Maybe Spanish Army drivers just need remedial training. One dude wrecking a truck isn't all that telling.
And yes, it was probably common for paratroopers to be dropped miles off target...in 1945. Nowadays paratroopers are dropped on large flat things. Usually runways. They're pretty hard to miss, and in fact they aren't missed: Even the worst missed jumps in Panama or Grenada landed within a few hundred feet of the main targets. Having larger payload aircraft and smaller jump chalks sort of solved the problem by itself: with fewer planes dropping more paratroopers, at lower altitudes (around 400-600 feet), they tend to stay together pretty well.
You'd land in some weeds or a bit of marsh but that was about it.
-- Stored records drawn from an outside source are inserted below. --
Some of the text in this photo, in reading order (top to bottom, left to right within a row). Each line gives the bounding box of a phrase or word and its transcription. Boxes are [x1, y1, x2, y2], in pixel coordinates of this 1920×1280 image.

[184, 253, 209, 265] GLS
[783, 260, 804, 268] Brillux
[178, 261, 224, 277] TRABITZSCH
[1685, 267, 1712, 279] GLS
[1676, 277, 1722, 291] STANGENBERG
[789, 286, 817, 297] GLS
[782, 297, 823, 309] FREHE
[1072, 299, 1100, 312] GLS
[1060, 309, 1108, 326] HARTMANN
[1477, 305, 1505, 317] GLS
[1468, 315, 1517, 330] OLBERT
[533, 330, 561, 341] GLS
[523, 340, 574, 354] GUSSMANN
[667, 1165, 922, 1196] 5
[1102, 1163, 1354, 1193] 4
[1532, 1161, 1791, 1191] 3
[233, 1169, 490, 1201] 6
No one got blown into the Canal or the ocean or anything. Either way, soldiers can't really march much these days, after all, and they don't. They carry much weight to walk very far and the bulk of this weight is usually protective equipment (body armor) and weaponry, so they can't easily just ditch it all.
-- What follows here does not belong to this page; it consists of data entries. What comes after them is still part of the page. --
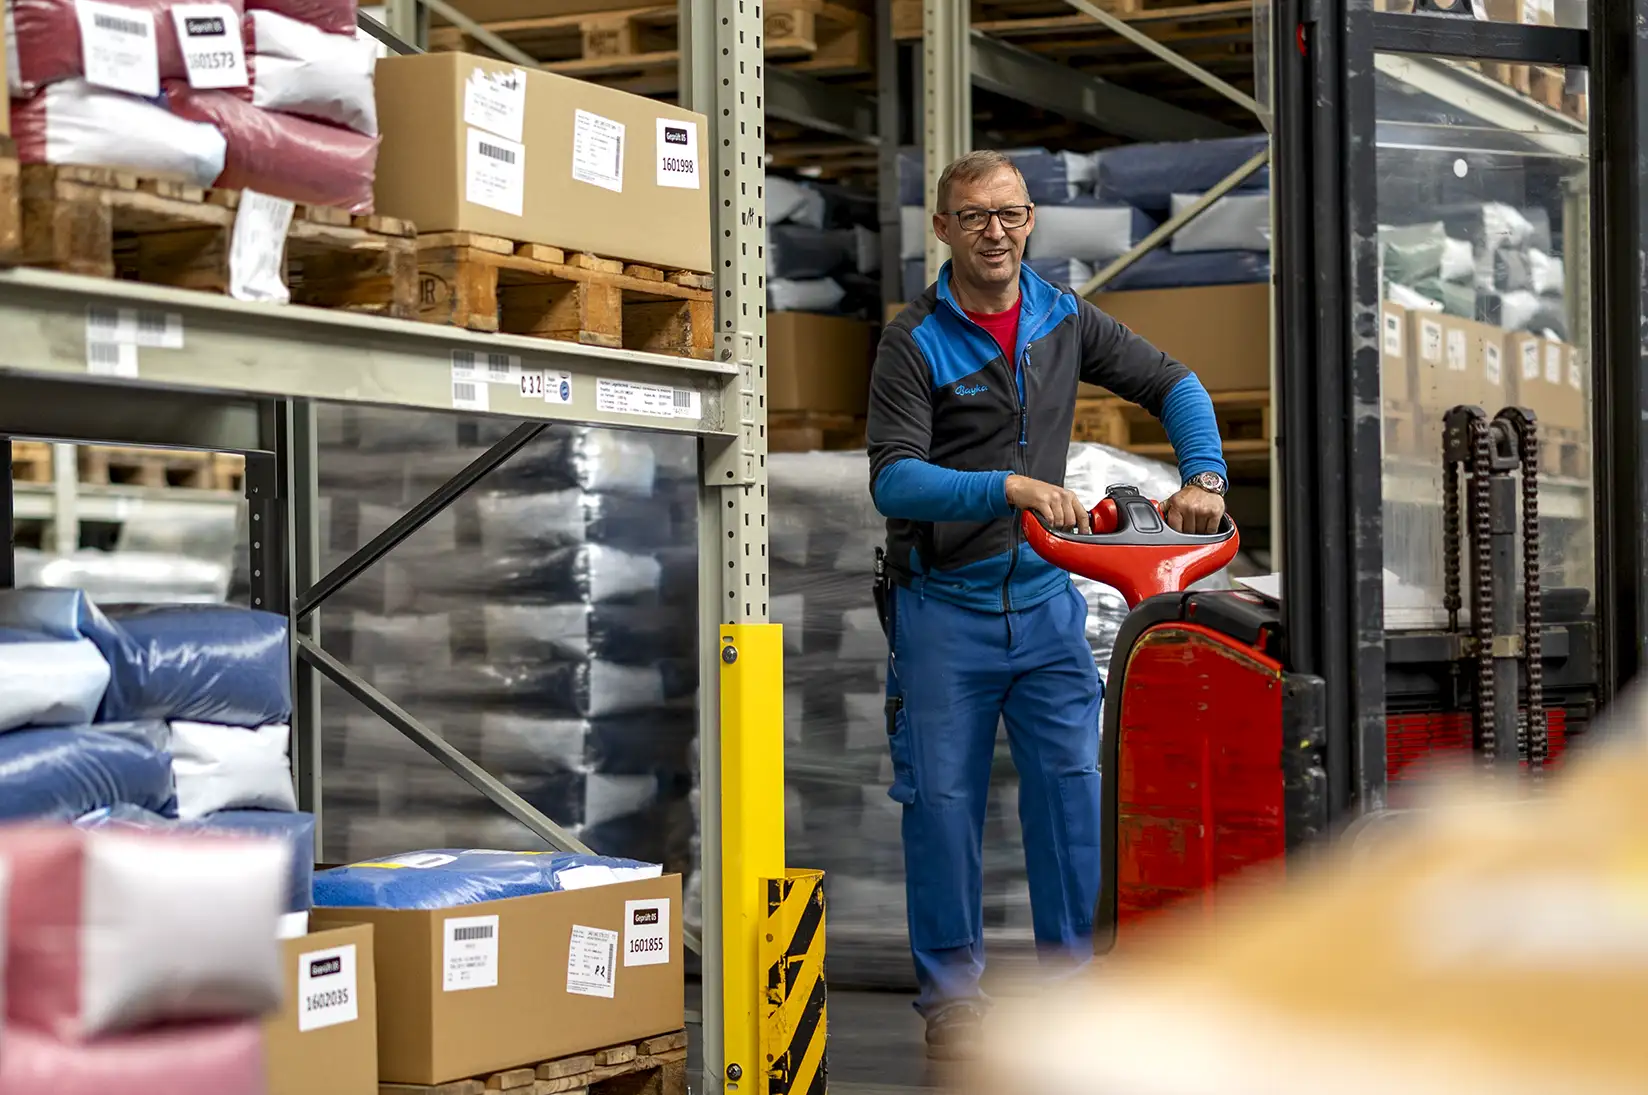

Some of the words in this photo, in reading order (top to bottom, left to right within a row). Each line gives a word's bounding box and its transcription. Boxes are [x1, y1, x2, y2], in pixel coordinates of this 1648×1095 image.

[187, 52, 236, 69] 1601573
[662, 157, 694, 174] 1601998
[954, 383, 989, 396] Bayka
[634, 912, 651, 923] Geprüft
[629, 937, 664, 953] 1601855
[306, 987, 349, 1013] 1602035
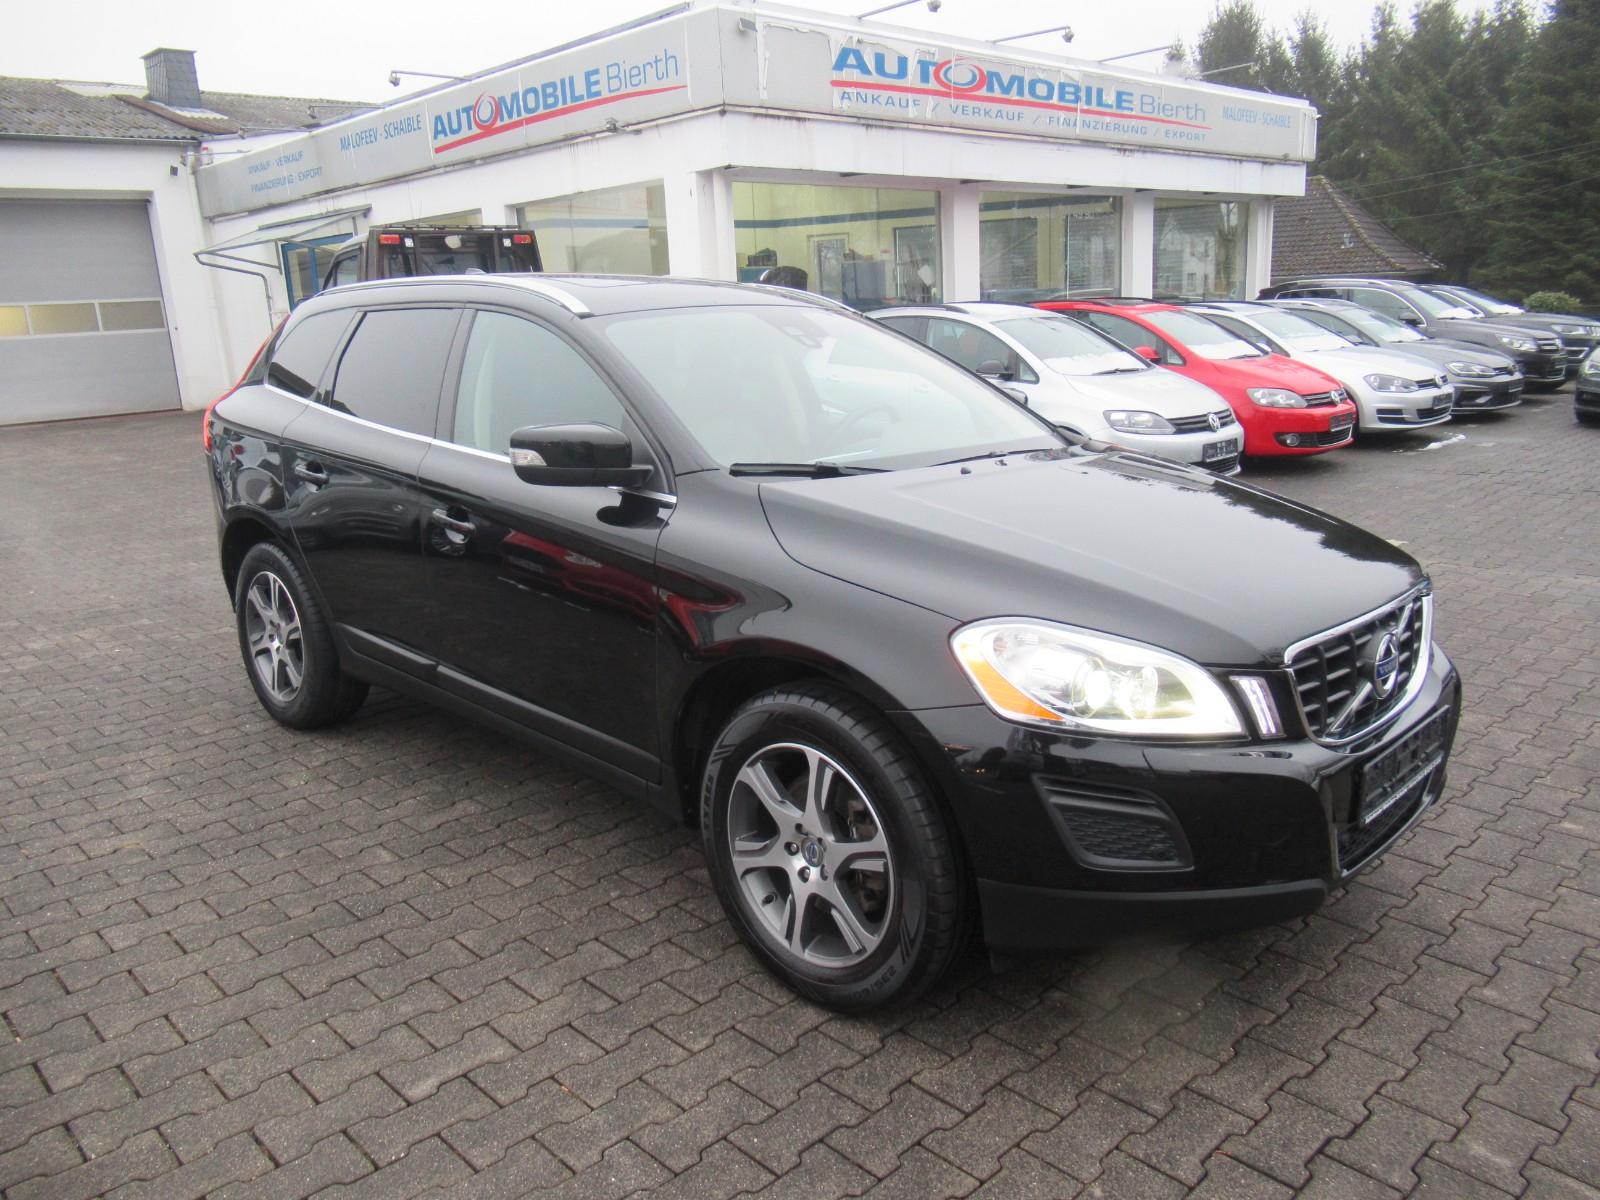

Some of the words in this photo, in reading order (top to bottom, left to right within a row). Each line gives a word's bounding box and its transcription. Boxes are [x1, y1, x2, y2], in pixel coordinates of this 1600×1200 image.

[433, 68, 602, 140] AUTOMOBILE
[606, 48, 679, 93] Bierth
[832, 47, 1133, 111] AUTOMOBILE
[1139, 94, 1206, 122] Bierth
[340, 132, 378, 152] MALOFEEV
[383, 114, 422, 140] SCHAIBLE
[841, 91, 921, 109] ANKAUF
[949, 104, 1025, 121] VERKAUF
[1048, 116, 1148, 135] FINANZIERUNG
[1164, 129, 1206, 142] EXPORT
[297, 166, 323, 182] EXPORT
Missing a target by "many miles" means you simply wait for someone to pick you up and you don't participate in the fight, because moving a "many miles" with 100-120 lbs of ammunition just isn't an option. Especially if it's a C-130 full of dudes. Luckily we have computer aided inertial navigation and GPS these days, so you literally can't miss the jump target. You can plug in a lat/long coordinate at an airbase and hit the target within a few hundred feet if you don't have GPS, like they did in the '80's, '90's, and '00's with Combat Talons. But that was before GPS became universal on all platforms and the pathfinder job kinda fell to the wayside I guess. Nowadays maybe only Argentina or something flies like that and everyone else just uses GPS and maps to find where they need to go.
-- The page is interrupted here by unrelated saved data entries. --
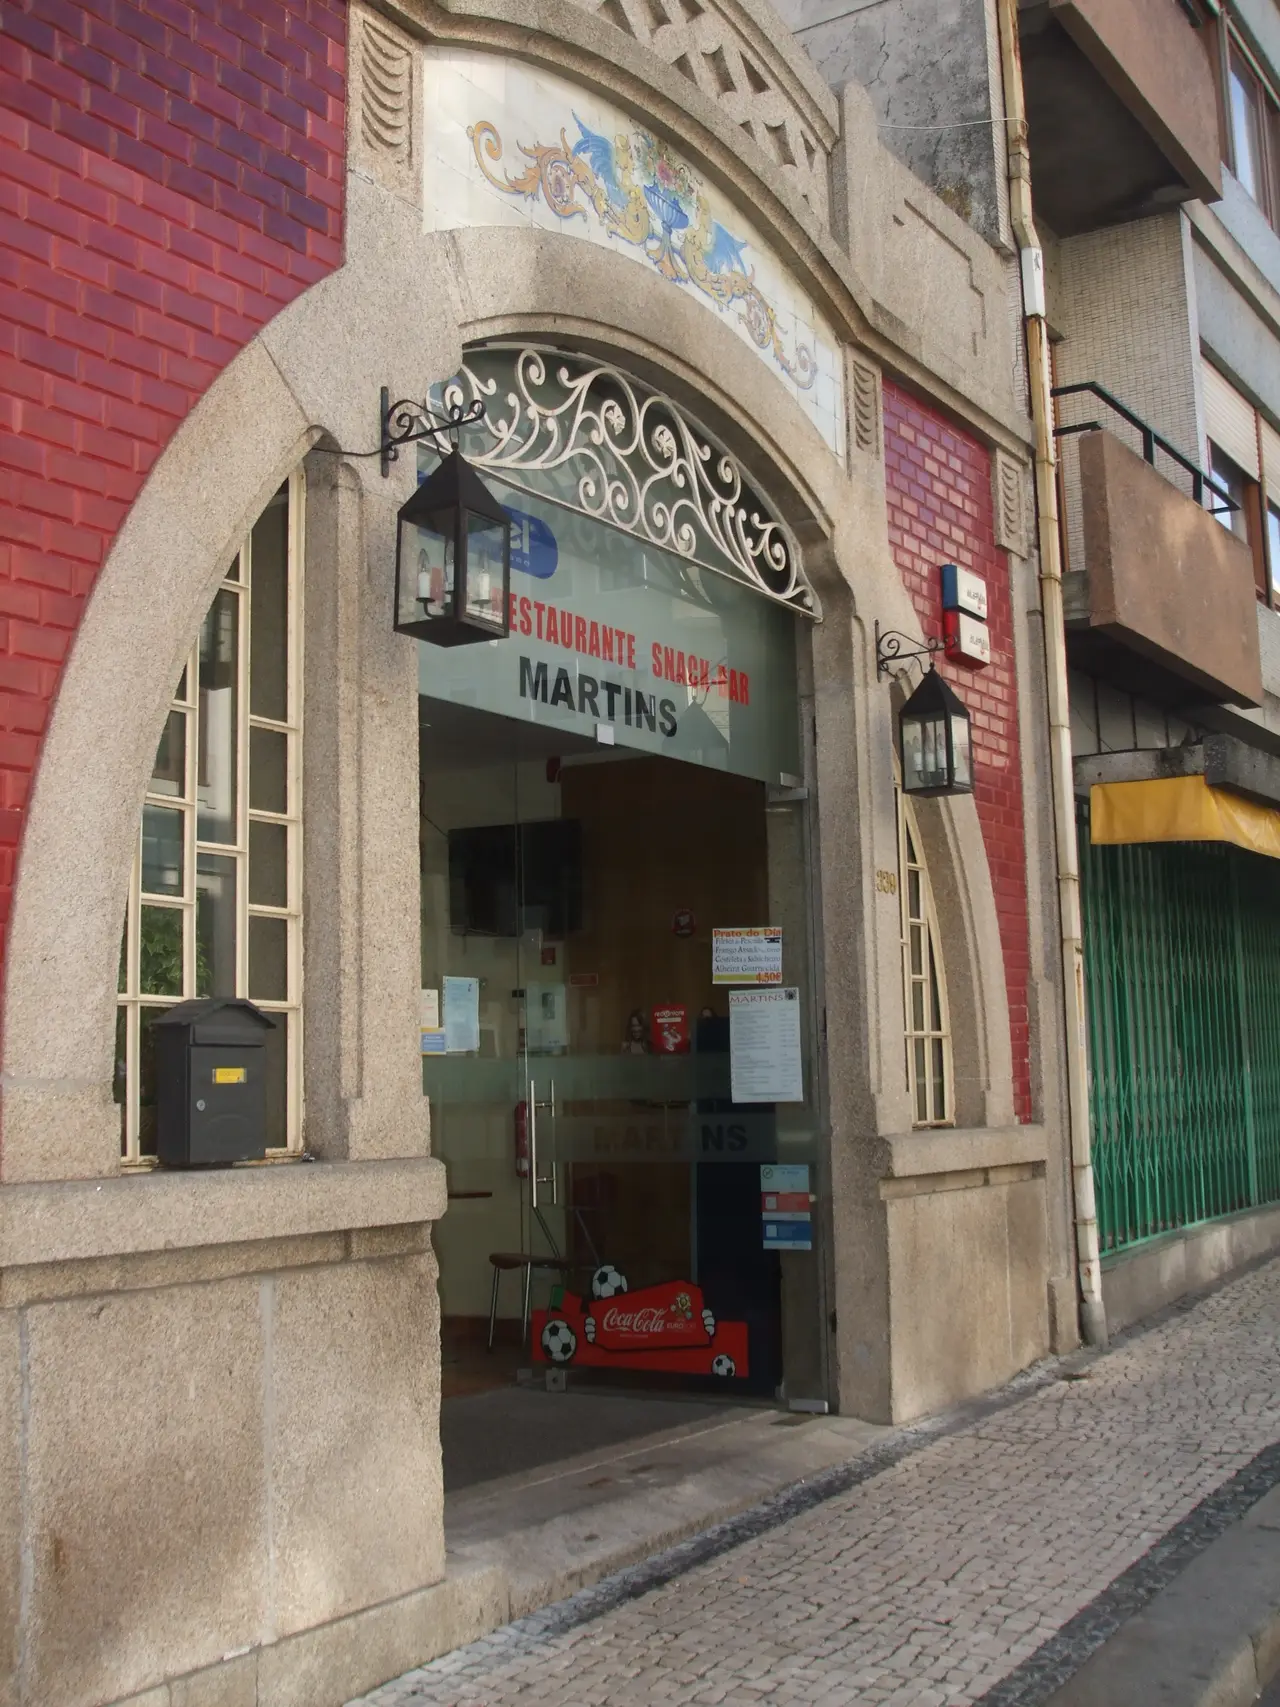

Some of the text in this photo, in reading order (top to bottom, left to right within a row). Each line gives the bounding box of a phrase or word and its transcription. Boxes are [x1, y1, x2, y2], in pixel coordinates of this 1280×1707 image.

[652, 641, 710, 693] SNACK
[718, 664, 750, 706] BAR
[519, 655, 678, 738] MARTINS
[713, 928, 781, 938] Prato do Dia
[730, 995, 784, 1003] MARTINS
[594, 1124, 748, 1152] MARTNS
[603, 1307, 669, 1333] Coca-Cola
Certainly if you land at the wrong airport on the other side of the town you'll be stealing peoples' cars in the parking lot to go to the right airport. Why would you walk at all?
There's simply not much of a reason for paratroopers to have bicycles, unless they need to go somewhere within about 30 or 40 kilometers distance, immediately after landing at a airbase, and there aren't enough trucks and cars to steal. Then you can just fly the bikes in on a couple pallets. Pretty easy. It's so niche of a utility it's not worth much discussion beyond that, because most places you go to will have people who have cars to steal cars from.